# Description of the task
Set down each line of the material that follows, exactly, with no pictures.

/---

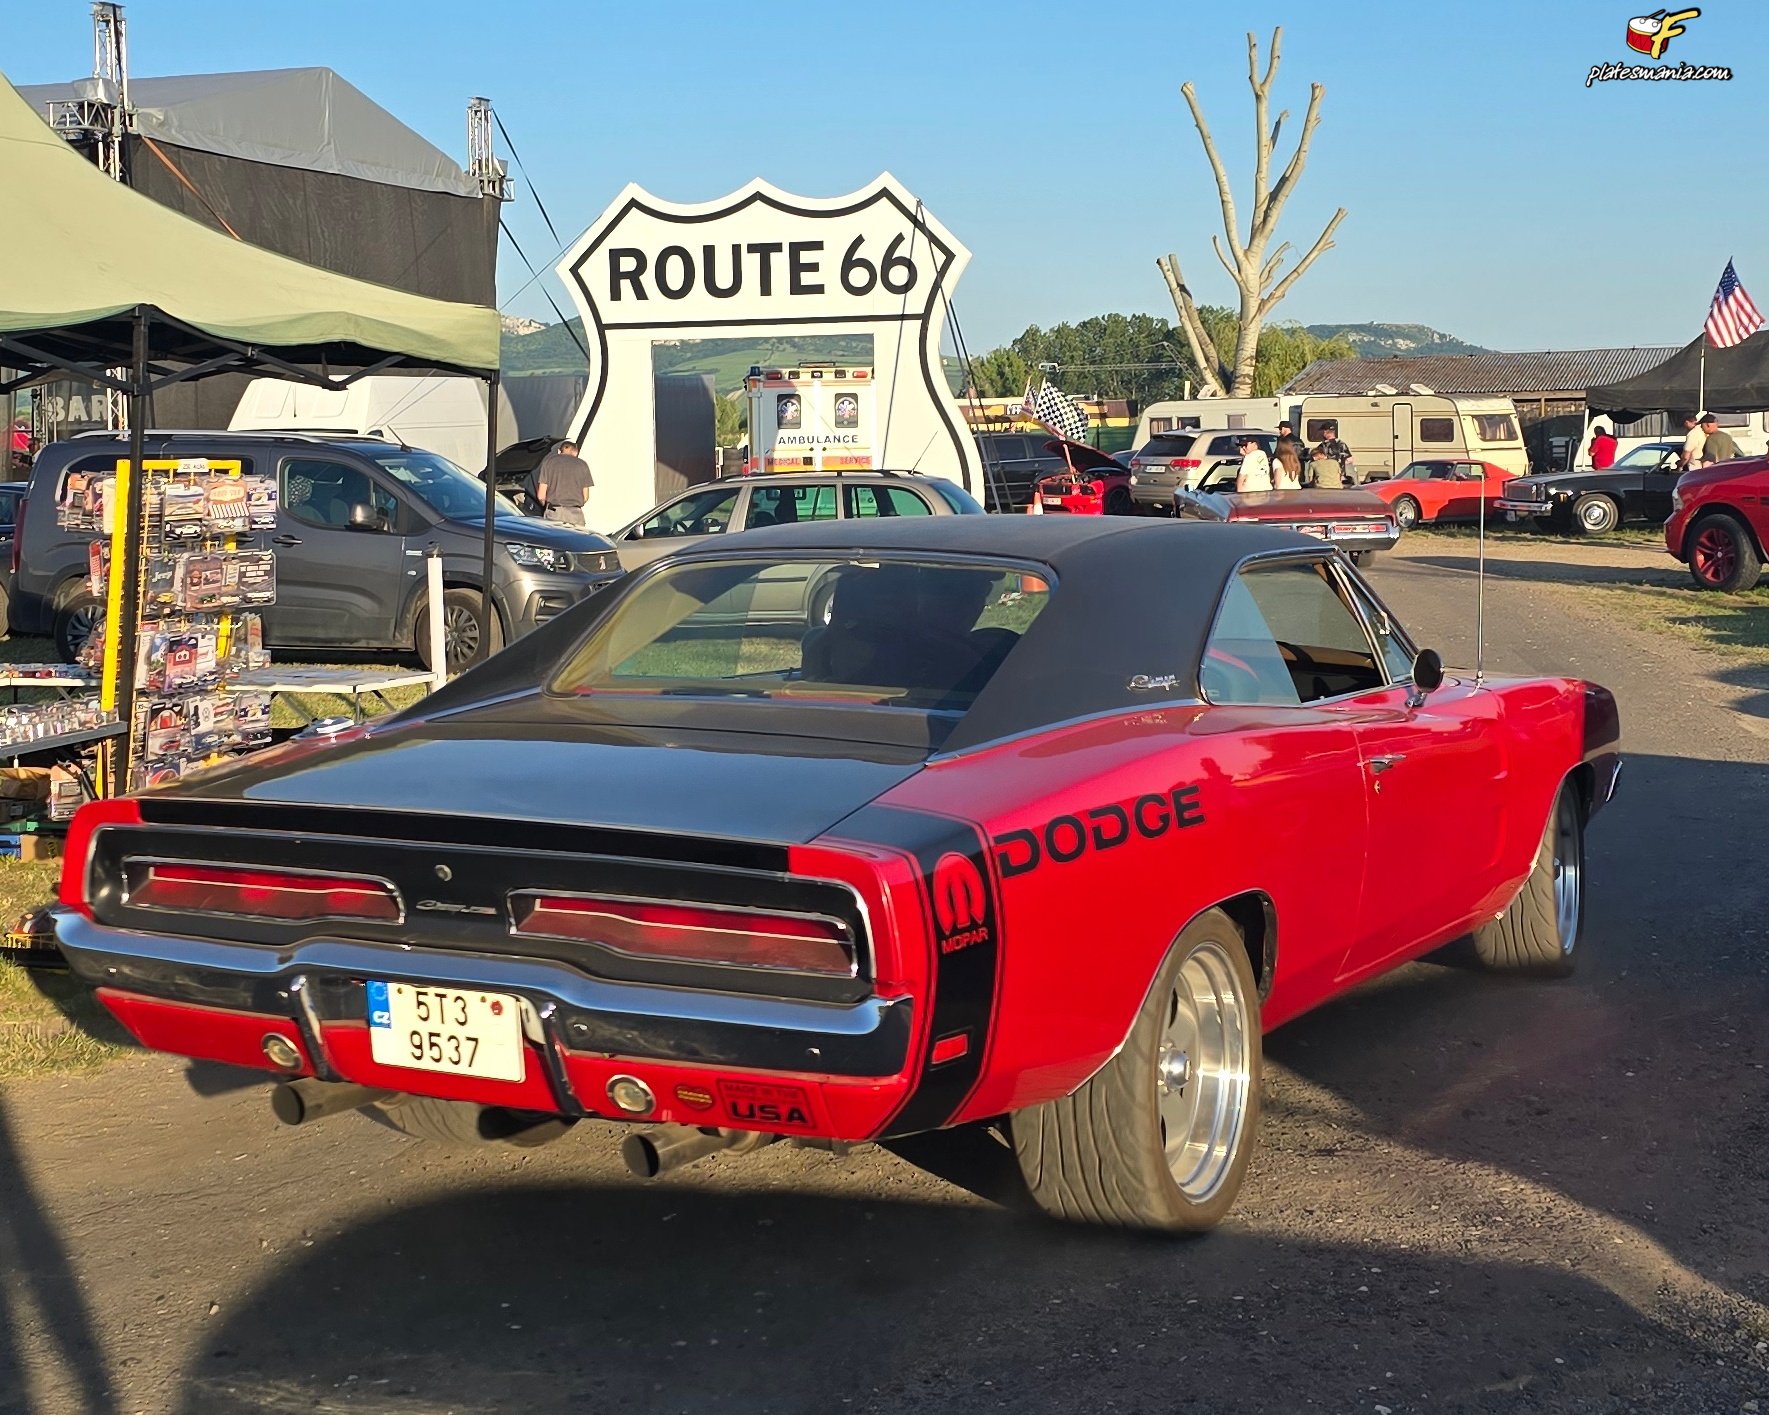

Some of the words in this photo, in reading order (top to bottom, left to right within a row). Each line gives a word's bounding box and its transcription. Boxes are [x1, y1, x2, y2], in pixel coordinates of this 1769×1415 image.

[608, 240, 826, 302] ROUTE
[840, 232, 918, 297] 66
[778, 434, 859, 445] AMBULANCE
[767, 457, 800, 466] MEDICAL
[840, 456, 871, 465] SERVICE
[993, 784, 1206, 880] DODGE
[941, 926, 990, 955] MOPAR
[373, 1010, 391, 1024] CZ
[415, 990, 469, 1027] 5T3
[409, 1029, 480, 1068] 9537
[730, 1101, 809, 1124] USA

\---

# Answer to the problem
Some of the words in this photo, in reading order (top to bottom, left to right within a row). Each line gives a word's bounding box and its transcription. Boxes are [x1, y1, x2, y2], in pixel coordinates of this 1769×1415 image.

[608, 240, 826, 302] ROUTE
[840, 232, 918, 297] 66
[778, 434, 859, 445] AMBULANCE
[767, 457, 800, 466] MEDICAL
[840, 456, 871, 465] SERVICE
[993, 784, 1206, 880] DODGE
[941, 926, 990, 955] MOPAR
[373, 1010, 391, 1024] CZ
[415, 990, 469, 1027] 5T3
[409, 1029, 480, 1068] 9537
[730, 1101, 809, 1124] USA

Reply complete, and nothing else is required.